Dataset excerpts Start Marker
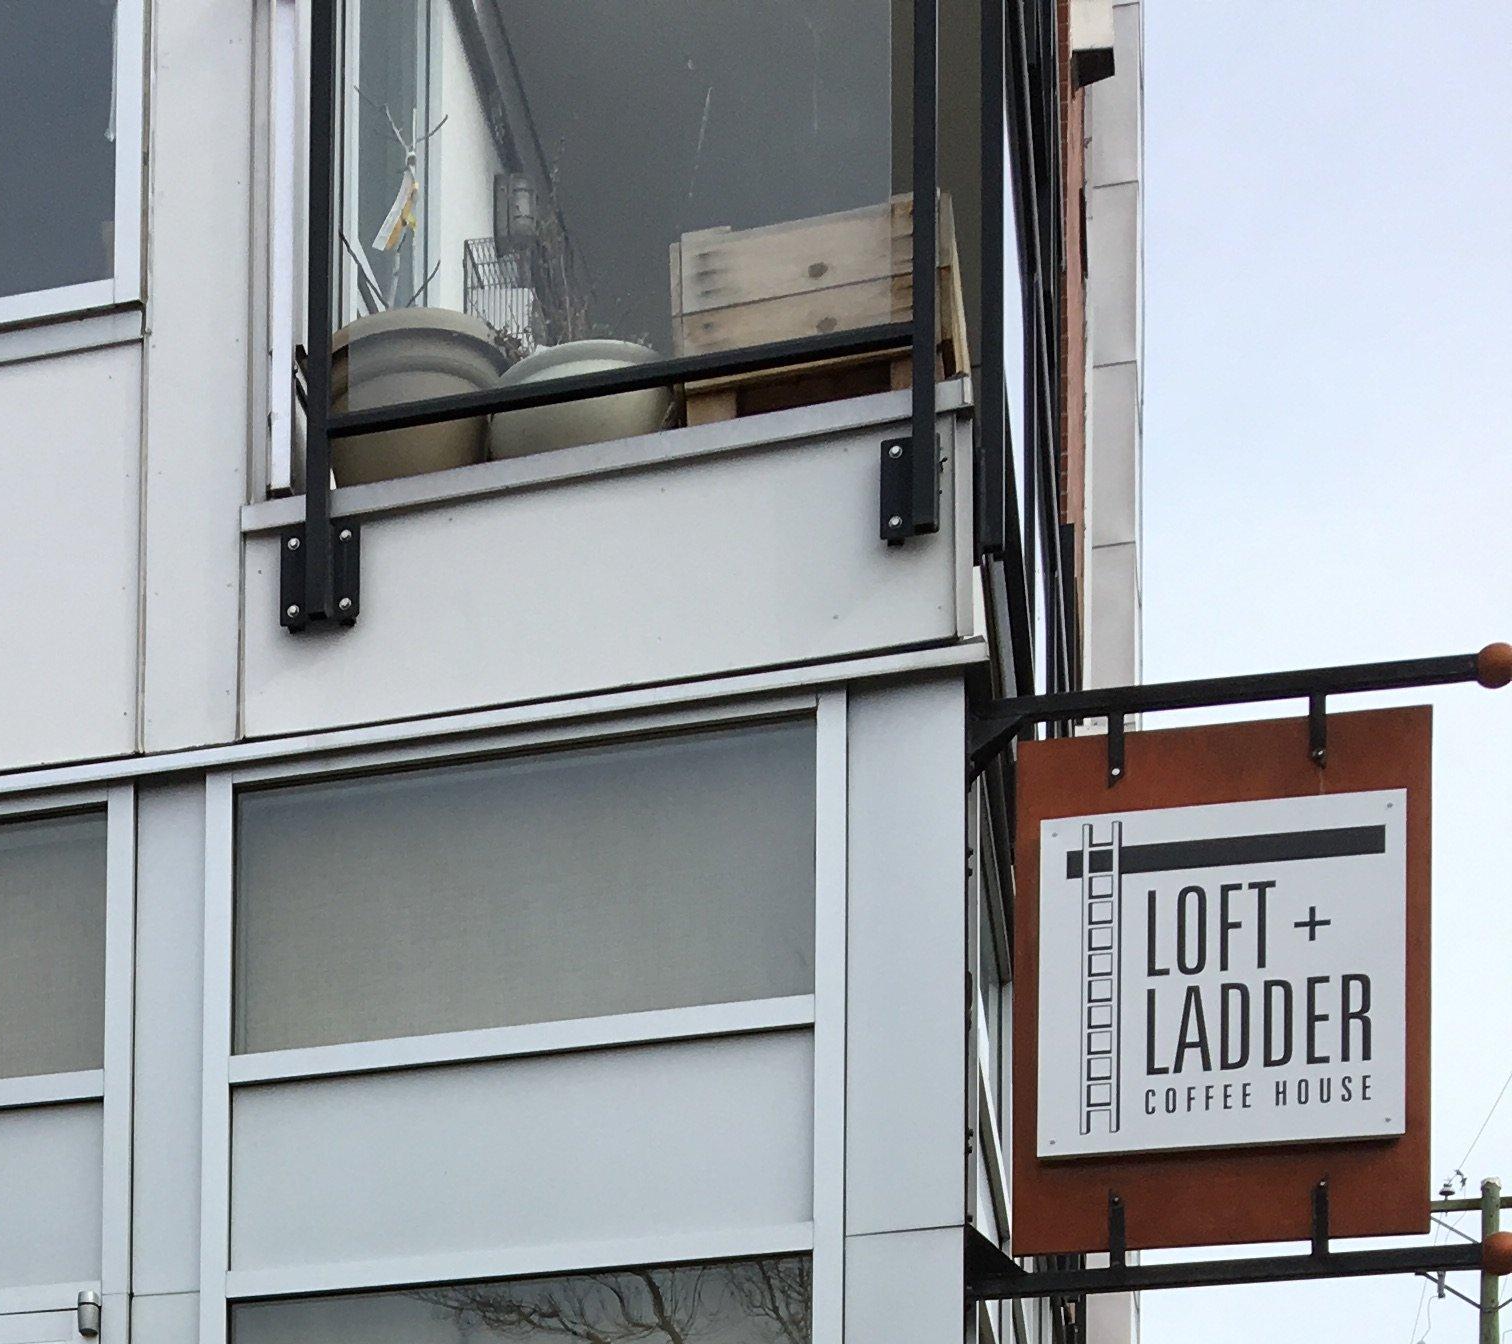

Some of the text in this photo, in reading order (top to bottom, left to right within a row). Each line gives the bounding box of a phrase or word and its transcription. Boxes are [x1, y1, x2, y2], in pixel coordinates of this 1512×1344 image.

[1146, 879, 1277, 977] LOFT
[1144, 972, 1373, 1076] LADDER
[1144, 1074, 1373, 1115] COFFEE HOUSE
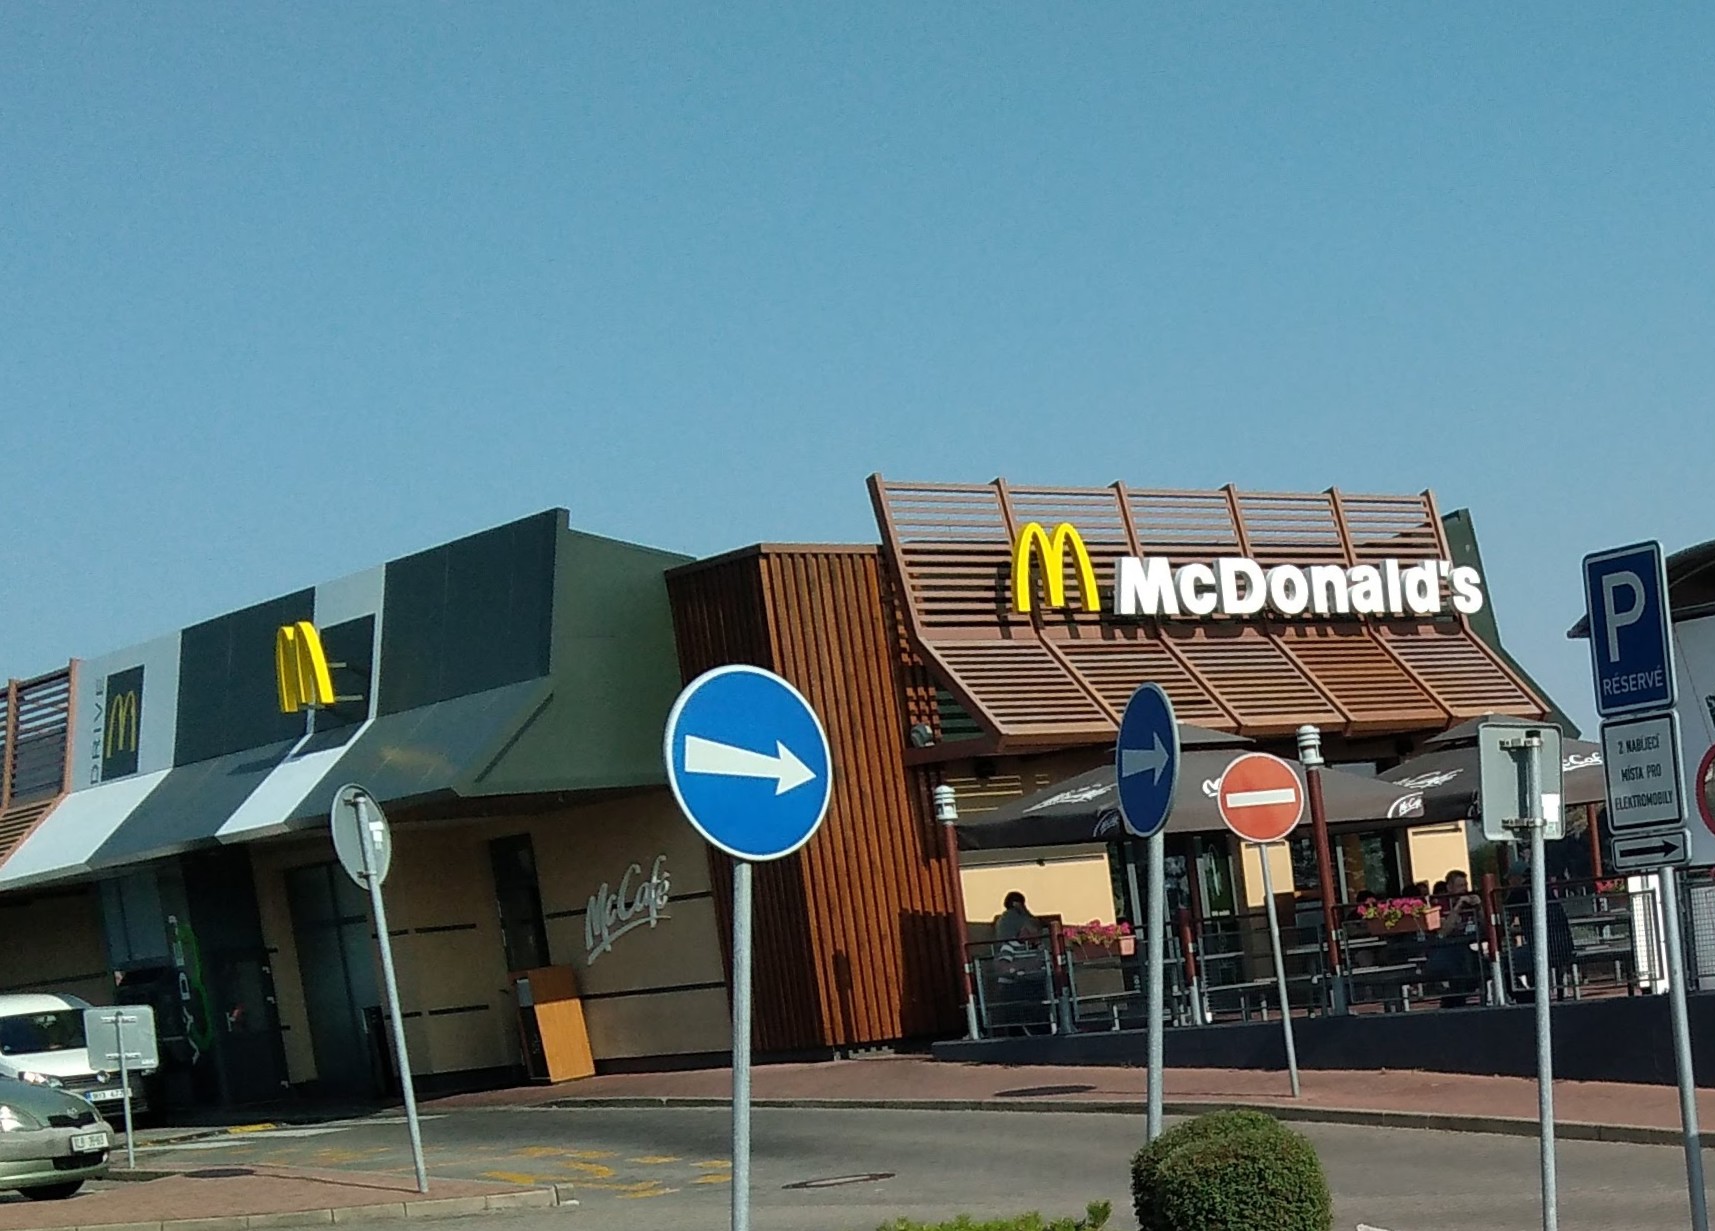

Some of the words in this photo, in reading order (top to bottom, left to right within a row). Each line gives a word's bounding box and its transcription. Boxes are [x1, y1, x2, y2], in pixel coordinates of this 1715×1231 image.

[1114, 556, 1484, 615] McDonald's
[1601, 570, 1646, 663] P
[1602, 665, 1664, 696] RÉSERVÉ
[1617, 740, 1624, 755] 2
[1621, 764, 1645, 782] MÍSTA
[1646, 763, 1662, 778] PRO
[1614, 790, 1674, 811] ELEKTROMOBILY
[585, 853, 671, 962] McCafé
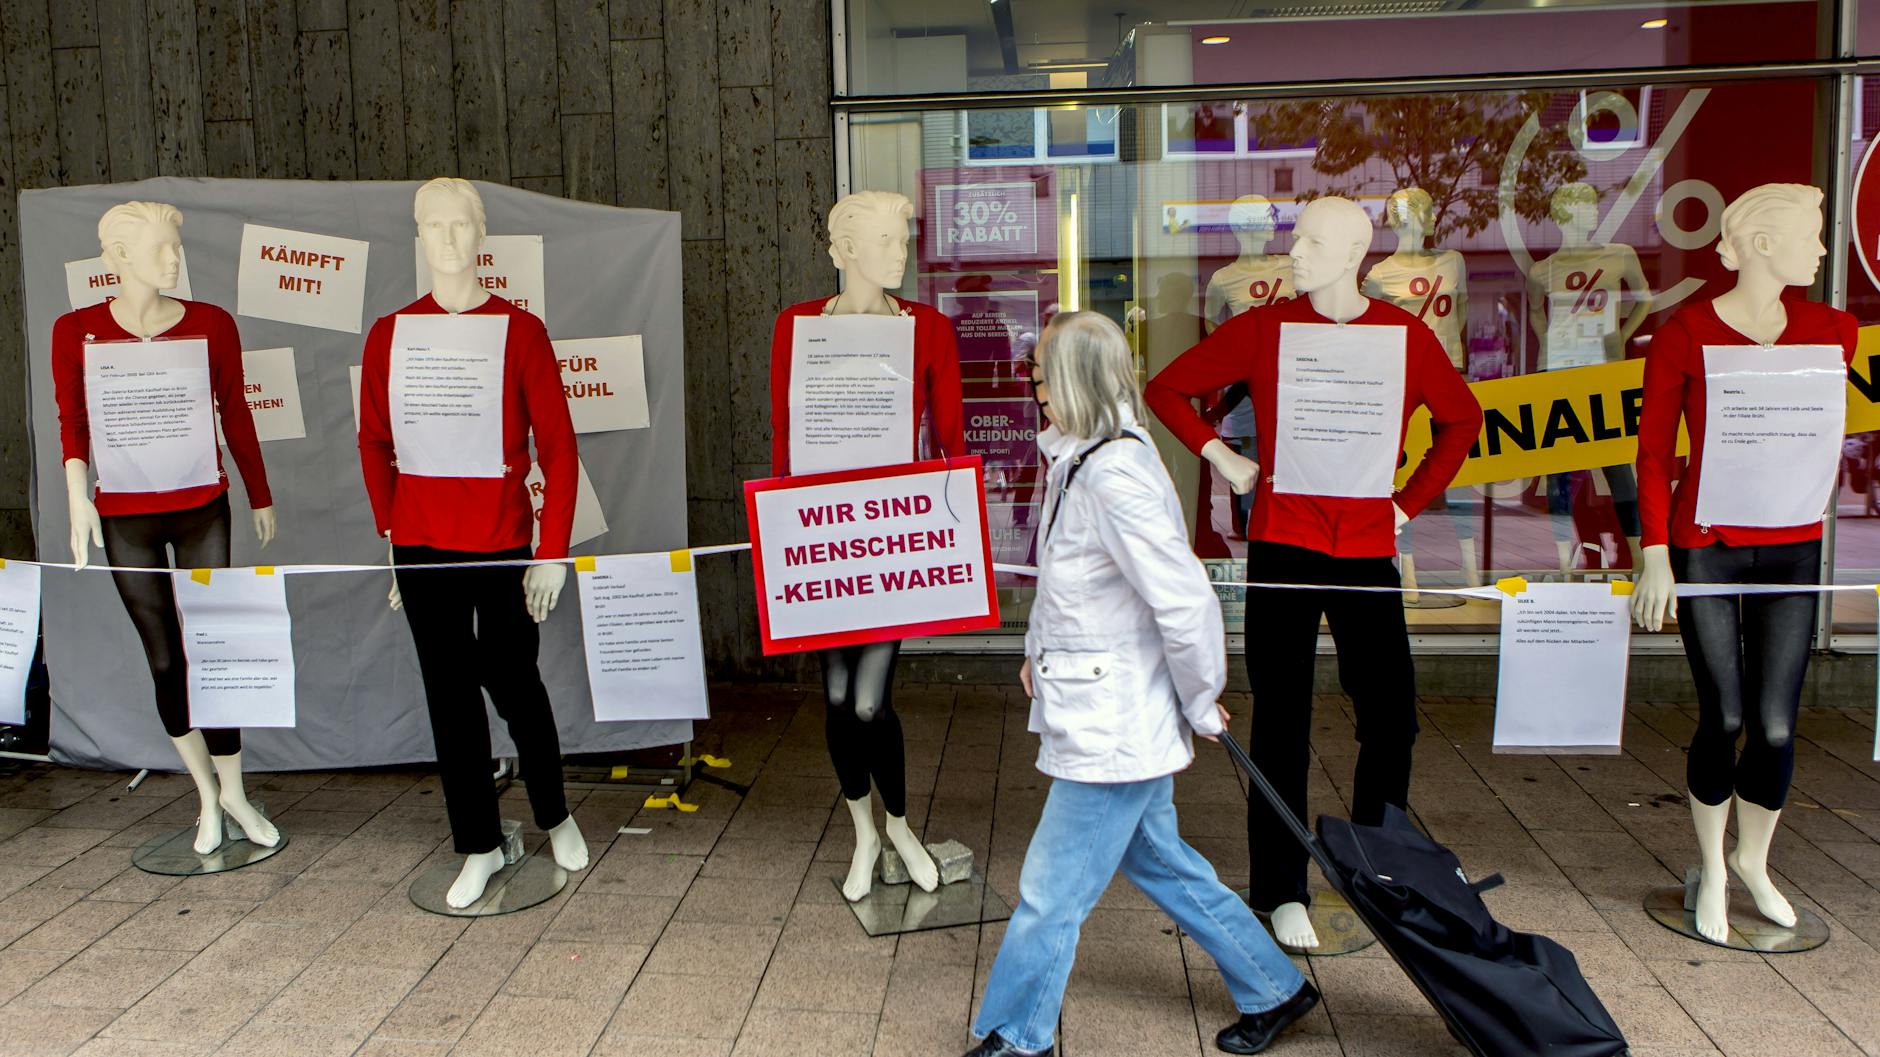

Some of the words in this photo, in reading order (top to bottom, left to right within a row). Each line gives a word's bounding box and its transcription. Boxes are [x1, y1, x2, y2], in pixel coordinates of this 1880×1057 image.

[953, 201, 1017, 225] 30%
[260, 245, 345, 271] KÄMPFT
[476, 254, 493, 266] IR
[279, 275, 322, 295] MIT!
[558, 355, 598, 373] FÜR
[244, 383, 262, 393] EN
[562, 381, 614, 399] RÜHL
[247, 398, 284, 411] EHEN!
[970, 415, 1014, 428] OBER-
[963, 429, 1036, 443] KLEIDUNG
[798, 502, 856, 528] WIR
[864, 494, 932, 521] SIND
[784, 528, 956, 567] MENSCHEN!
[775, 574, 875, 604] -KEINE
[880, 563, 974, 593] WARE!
Dataset excerpts End Marker
* Problem description
For each record, return its text exactly and leave any picture out.

* Solution to this problem
Some of the text in this photo, in reading order (top to bottom, left to right within a row). Each line gives the bounding box of a phrase or word and its transcription. Boxes are [x1, y1, x2, y2], in pixel coordinates of this 1512×1344 image.

[1146, 879, 1277, 977] LOFT
[1144, 972, 1373, 1076] LADDER
[1144, 1074, 1373, 1115] COFFEE HOUSE

Some of the words in this photo, in reading order (top to bottom, left to right within a row). Each line gives a word's bounding box and its transcription. Boxes are [x1, y1, x2, y2], in pixel coordinates of this 1715×1231 image.

[1114, 556, 1484, 615] McDonald's
[1601, 570, 1646, 663] P
[1602, 665, 1664, 696] RÉSERVÉ
[1617, 740, 1624, 755] 2
[1621, 764, 1645, 782] MÍSTA
[1646, 763, 1662, 778] PRO
[1614, 790, 1674, 811] ELEKTROMOBILY
[585, 853, 671, 962] McCafé

Some of the words in this photo, in reading order (top to bottom, left to right within a row). Each line gives a word's bounding box and its transcription. Boxes are [x1, y1, x2, y2], in pixel coordinates of this 1880×1057 image.

[953, 201, 1017, 225] 30%
[260, 245, 345, 271] KÄMPFT
[476, 254, 493, 266] IR
[279, 275, 322, 295] MIT!
[558, 355, 598, 373] FÜR
[244, 383, 262, 393] EN
[562, 381, 614, 399] RÜHL
[247, 398, 284, 411] EHEN!
[970, 415, 1014, 428] OBER-
[963, 429, 1036, 443] KLEIDUNG
[798, 502, 856, 528] WIR
[864, 494, 932, 521] SIND
[784, 528, 956, 567] MENSCHEN!
[775, 574, 875, 604] -KEINE
[880, 563, 974, 593] WARE!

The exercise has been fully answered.